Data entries
= Beginning of Section =
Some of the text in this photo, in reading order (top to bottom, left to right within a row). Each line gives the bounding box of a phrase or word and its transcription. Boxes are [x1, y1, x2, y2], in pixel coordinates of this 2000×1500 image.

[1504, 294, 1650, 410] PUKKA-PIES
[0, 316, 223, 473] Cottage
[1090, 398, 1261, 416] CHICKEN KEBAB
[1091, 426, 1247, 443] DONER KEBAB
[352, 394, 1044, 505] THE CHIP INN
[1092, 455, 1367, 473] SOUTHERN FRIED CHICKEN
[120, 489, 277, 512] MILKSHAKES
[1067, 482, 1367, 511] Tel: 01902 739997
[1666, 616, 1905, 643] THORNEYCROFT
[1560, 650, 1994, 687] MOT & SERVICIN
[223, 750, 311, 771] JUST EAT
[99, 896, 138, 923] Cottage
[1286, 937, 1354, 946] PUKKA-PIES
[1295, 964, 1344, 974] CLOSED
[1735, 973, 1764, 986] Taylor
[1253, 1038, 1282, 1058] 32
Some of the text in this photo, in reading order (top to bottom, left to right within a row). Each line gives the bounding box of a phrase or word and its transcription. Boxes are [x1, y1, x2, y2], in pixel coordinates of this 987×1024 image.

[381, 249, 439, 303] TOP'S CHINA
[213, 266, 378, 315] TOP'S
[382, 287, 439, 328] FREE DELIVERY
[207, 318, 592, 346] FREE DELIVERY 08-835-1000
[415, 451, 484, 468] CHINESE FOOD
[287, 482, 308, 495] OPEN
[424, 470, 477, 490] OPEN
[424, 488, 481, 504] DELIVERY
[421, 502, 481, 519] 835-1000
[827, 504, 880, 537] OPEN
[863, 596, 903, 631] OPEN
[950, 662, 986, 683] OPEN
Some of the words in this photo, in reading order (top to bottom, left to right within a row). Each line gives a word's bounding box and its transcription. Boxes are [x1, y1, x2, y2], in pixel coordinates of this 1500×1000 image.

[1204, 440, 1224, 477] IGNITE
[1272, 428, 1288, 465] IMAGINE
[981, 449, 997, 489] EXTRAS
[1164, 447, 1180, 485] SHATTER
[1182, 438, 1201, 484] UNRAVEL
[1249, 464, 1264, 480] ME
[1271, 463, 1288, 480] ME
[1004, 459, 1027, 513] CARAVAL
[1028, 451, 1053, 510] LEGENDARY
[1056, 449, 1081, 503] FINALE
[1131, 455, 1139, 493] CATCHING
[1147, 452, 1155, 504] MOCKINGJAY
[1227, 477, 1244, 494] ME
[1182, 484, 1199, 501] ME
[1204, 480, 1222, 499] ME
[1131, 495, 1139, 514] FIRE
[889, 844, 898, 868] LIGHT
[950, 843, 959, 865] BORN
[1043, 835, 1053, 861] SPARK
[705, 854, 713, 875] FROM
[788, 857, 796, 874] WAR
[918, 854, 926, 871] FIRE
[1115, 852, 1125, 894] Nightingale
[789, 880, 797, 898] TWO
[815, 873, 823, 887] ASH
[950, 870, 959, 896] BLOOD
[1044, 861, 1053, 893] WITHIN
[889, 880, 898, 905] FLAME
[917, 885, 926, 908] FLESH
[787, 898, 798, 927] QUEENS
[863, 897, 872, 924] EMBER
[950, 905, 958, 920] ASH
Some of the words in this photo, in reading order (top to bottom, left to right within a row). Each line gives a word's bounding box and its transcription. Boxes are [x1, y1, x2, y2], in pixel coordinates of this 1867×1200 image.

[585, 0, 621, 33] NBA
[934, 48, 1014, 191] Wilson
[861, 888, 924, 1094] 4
= End of Section =
_What you should do_: Output the data once more, exactly as given.

_Response for this exercise_:
Some of the text in this photo, in reading order (top to bottom, left to right within a row). Each line gives the bounding box of a phrase or word and its transcription. Boxes are [x1, y1, x2, y2], in pixel coordinates of this 2000×1500 image.

[1504, 294, 1650, 410] PUKKA-PIES
[0, 316, 223, 473] Cottage
[1090, 398, 1261, 416] CHICKEN KEBAB
[1091, 426, 1247, 443] DONER KEBAB
[352, 394, 1044, 505] THE CHIP INN
[1092, 455, 1367, 473] SOUTHERN FRIED CHICKEN
[120, 489, 277, 512] MILKSHAKES
[1067, 482, 1367, 511] Tel: 01902 739997
[1666, 616, 1905, 643] THORNEYCROFT
[1560, 650, 1994, 687] MOT & SERVICIN
[223, 750, 311, 771] JUST EAT
[99, 896, 138, 923] Cottage
[1286, 937, 1354, 946] PUKKA-PIES
[1295, 964, 1344, 974] CLOSED
[1735, 973, 1764, 986] Taylor
[1253, 1038, 1282, 1058] 32
Some of the text in this photo, in reading order (top to bottom, left to right within a row). Each line gives the bounding box of a phrase or word and its transcription. Boxes are [x1, y1, x2, y2], in pixel coordinates of this 987×1024 image.

[381, 249, 439, 303] TOP'S CHINA
[213, 266, 378, 315] TOP'S
[382, 287, 439, 328] FREE DELIVERY
[207, 318, 592, 346] FREE DELIVERY 08-835-1000
[415, 451, 484, 468] CHINESE FOOD
[287, 482, 308, 495] OPEN
[424, 470, 477, 490] OPEN
[424, 488, 481, 504] DELIVERY
[421, 502, 481, 519] 835-1000
[827, 504, 880, 537] OPEN
[863, 596, 903, 631] OPEN
[950, 662, 986, 683] OPEN
Some of the words in this photo, in reading order (top to bottom, left to right within a row). Each line gives a word's bounding box and its transcription. Boxes are [x1, y1, x2, y2], in pixel coordinates of this 1500×1000 image.

[1204, 440, 1224, 477] IGNITE
[1272, 428, 1288, 465] IMAGINE
[981, 449, 997, 489] EXTRAS
[1164, 447, 1180, 485] SHATTER
[1182, 438, 1201, 484] UNRAVEL
[1249, 464, 1264, 480] ME
[1271, 463, 1288, 480] ME
[1004, 459, 1027, 513] CARAVAL
[1028, 451, 1053, 510] LEGENDARY
[1056, 449, 1081, 503] FINALE
[1131, 455, 1139, 493] CATCHING
[1147, 452, 1155, 504] MOCKINGJAY
[1227, 477, 1244, 494] ME
[1182, 484, 1199, 501] ME
[1204, 480, 1222, 499] ME
[1131, 495, 1139, 514] FIRE
[889, 844, 898, 868] LIGHT
[950, 843, 959, 865] BORN
[1043, 835, 1053, 861] SPARK
[705, 854, 713, 875] FROM
[788, 857, 796, 874] WAR
[918, 854, 926, 871] FIRE
[1115, 852, 1125, 894] Nightingale
[789, 880, 797, 898] TWO
[815, 873, 823, 887] ASH
[950, 870, 959, 896] BLOOD
[1044, 861, 1053, 893] WITHIN
[889, 880, 898, 905] FLAME
[917, 885, 926, 908] FLESH
[787, 898, 798, 927] QUEENS
[863, 897, 872, 924] EMBER
[950, 905, 958, 920] ASH
Some of the words in this photo, in reading order (top to bottom, left to right within a row). Each line gives a word's bounding box and its transcription. Boxes are [x1, y1, x2, y2], in pixel coordinates of this 1867×1200 image.

[585, 0, 621, 33] NBA
[934, 48, 1014, 191] Wilson
[861, 888, 924, 1094] 4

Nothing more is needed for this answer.